Ena Sendijarević Introduces Her Film "Take Me Somewhere Nice"

"More than anything, I tried to capture a certain kind of existential fear that characterizes teenage years."
Notebook

Ena Sendijarević's Take Me Somewhere Nice, which is receiving an exclusive global online premiere on MUBI, is showing from May 21 – June 20, 2019 in MUBI's Debuts series.

Take Me Somewhere Nice

“He’s the kind of person who thinks that nobody understands him, but I do,” the actor Ernad Prnjavorac responds when I ask him what to make of Emir, the character he’s playing. People have kept asking questions about him; they didn’t understand him when reading the script. I used Raskolnikov from Dostoevsky’s Crime and Punishment as an inspiration. Just like Raskolnikov, Emir is on a path of extremism and radicalization. I held on to the thought that probably the people commenting on Emir’s character wouldn’t understand Raskolnikov either. Luckily, my actor does.

We are in the middle of shooting my debut feature film, Take Me Somewhere Nice. It’s end of summer and we are shooting in scorching hot Bosnia, the country where I was born and had to leave when I was five years old, because of the war. After some years in Berlin, our family ended up in the Netherlands. A few years ago I made a short fiction dramedy about this strange period of time in our lives, these first steps of integration into Dutch society. (You can watch it here.) After making this short, I had the desire to make a film about someone who goes back to “where they came from.” To dive deeper into the complex relation between an immigrant and their home country.

This is how I came up with the story of my three antiheroes in Take Me Somewhere Nice: A girl who is born in Western Europe (in this case, the Netherlands) and who returns to the country where her parents are from (in this case, Bosnia, a country outside the E.U. but inside Europe). She goes on a journey with her cousin Emir and his charming best friend Denis. This triangle of characters represents an East-West European power dynamic. Alma is characterized by a privileged naivety, Emir holds resentments towards the West, and Denis is madly attracted by it.

Sometimes Take Me Somewhere Nice is described as a road movie and a coming of age film. I understand why, but I would rather call it an existential comedy. More than anything, I tried to capture a certain kind of existential fear that characterizes teenage years. On one hand, you still look at the world with the openness of a child. On the other hand, you feel how the hostile grown-up world is pulling you towards a position that intuitively feels bad. Most of the adults you meet are sad or bitter in some way or another. You are running out of time, but at the same time there seems to be an endless amount of it. I think these dilemmas that confront us in our teenage years never really leave us. At least, I feel like I still struggle with them. In Take Me Somewhere Nice I wanted to embrace them, to go back to this reckless, melancholic but also sexual energy.

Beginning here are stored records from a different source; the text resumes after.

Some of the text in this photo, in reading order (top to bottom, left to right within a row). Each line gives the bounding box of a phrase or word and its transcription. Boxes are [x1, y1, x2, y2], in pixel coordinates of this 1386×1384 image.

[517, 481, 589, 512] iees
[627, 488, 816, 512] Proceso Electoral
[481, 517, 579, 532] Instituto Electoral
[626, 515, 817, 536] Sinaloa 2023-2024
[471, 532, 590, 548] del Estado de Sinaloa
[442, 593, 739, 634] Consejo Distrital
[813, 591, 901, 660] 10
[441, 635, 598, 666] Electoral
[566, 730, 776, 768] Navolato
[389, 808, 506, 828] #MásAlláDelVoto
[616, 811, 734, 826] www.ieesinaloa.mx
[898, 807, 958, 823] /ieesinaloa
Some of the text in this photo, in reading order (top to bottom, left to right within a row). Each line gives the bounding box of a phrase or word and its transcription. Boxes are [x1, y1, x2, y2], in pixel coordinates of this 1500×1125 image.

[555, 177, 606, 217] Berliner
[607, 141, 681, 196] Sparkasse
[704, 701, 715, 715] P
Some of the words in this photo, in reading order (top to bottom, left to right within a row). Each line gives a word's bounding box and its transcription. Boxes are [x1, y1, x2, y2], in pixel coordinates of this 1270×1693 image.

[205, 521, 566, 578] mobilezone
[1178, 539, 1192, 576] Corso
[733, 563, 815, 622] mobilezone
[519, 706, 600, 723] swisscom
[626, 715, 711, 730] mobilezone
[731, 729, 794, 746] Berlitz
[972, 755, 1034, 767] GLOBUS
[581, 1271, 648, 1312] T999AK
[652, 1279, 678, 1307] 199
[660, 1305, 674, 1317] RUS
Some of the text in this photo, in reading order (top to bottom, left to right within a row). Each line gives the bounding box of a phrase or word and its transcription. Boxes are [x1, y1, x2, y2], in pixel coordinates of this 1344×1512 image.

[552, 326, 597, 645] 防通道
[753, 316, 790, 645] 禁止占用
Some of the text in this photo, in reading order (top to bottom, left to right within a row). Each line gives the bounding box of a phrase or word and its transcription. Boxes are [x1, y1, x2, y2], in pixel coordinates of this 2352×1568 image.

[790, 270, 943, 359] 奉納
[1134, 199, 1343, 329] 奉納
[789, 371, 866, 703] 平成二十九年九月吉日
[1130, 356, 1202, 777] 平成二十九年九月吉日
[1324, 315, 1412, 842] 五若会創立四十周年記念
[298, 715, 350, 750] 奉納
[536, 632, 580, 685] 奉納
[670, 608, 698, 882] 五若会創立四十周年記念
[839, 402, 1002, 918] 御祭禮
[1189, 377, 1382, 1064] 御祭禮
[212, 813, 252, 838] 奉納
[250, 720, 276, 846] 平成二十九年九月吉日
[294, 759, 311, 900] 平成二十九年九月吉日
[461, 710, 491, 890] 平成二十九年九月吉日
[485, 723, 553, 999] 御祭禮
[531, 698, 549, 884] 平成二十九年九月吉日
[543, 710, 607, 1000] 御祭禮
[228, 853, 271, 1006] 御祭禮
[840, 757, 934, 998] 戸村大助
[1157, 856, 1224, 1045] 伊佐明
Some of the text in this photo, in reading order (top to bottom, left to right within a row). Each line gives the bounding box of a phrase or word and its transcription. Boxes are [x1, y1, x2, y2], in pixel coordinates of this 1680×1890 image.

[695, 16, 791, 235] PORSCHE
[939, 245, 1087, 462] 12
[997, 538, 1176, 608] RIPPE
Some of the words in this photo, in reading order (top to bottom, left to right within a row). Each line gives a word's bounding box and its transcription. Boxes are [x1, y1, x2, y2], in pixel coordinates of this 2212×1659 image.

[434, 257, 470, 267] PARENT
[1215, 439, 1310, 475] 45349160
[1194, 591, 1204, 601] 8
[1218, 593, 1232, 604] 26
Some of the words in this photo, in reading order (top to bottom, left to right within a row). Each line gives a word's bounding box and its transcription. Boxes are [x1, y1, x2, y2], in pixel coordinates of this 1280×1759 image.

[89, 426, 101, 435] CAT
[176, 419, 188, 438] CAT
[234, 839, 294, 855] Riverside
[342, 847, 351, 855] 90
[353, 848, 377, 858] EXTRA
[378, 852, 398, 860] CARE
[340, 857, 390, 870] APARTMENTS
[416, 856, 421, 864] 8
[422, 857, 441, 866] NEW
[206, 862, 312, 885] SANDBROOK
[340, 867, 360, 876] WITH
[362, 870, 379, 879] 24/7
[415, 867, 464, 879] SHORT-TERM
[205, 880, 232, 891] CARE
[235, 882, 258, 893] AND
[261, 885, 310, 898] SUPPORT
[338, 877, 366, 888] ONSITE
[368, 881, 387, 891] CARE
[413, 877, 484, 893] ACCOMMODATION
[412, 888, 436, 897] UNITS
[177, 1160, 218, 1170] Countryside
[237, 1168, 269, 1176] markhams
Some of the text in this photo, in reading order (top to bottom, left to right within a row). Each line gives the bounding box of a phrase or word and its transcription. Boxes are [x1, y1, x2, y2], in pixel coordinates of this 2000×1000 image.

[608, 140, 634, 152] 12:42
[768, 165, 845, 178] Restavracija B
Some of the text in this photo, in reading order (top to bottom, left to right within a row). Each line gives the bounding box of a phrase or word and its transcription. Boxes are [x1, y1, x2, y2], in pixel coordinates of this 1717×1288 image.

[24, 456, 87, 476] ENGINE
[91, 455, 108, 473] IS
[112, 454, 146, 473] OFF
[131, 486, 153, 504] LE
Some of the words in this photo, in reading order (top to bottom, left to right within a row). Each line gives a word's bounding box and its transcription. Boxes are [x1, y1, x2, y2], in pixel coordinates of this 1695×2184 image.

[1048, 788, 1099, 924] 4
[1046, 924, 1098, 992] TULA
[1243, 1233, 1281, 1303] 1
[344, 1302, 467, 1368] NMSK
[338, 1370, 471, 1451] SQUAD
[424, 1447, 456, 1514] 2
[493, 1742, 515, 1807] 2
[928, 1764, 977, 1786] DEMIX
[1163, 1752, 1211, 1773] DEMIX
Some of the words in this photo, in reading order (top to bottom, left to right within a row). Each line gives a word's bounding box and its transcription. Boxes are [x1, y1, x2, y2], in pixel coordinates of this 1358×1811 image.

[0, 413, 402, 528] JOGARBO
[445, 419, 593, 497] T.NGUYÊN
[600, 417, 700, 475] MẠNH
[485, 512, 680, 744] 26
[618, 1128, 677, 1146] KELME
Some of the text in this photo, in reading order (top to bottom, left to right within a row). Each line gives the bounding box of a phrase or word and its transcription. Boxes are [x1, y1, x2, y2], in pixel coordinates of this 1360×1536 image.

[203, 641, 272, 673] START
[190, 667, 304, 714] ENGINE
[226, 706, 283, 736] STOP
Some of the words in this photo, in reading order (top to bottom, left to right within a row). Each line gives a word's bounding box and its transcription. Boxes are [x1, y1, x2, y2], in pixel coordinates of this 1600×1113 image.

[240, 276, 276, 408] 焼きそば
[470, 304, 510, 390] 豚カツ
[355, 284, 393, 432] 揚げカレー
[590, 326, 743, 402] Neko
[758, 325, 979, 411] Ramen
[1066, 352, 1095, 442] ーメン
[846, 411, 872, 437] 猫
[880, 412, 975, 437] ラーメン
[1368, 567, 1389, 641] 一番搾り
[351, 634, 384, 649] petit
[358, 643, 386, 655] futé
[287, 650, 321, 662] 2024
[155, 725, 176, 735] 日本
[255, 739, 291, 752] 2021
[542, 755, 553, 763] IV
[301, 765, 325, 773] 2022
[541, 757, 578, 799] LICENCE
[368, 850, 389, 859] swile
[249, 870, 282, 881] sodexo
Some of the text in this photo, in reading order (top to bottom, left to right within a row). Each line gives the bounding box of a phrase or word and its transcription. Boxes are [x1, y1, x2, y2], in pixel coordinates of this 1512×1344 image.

My desire to capture a certain kind of teenage revolt, to show the beauty of anti-heroes and broken people, but also to show how society feels like a hostile place, directed me towards filmmakers like Rainer Werner Fassbinder and Aki Kaurismäki. Films like Ali: Fear Eats the Soul and The Match Factory Girl are some of my favorites, and I wanted to use their energy as an inspiration. These two filmmakers have one name in common: Bertolt Brecht. His vision became a big influence to me as well. His ideas of “estrangement” (making tangible how society is a construction through the stylization of the world that is created) played a big role when constructing my film world.

The film has travelled around the world and I had the chance to talk to audiences worldwide. In Poland a girl said: “I think this film is about a person that wants to be strong, but it’s hard.” A woman in Spain said: “I think you need a therapist. And I can tell, because I am one.” One of the questions that is asked the most is why I used humor to tell this story. I respond with a quote by Billy Wilder: “If you’re going to tell people the truth, be funny or they’ll kill you.”

I am very happy to share my film with you on MUBI and I hope you enjoy!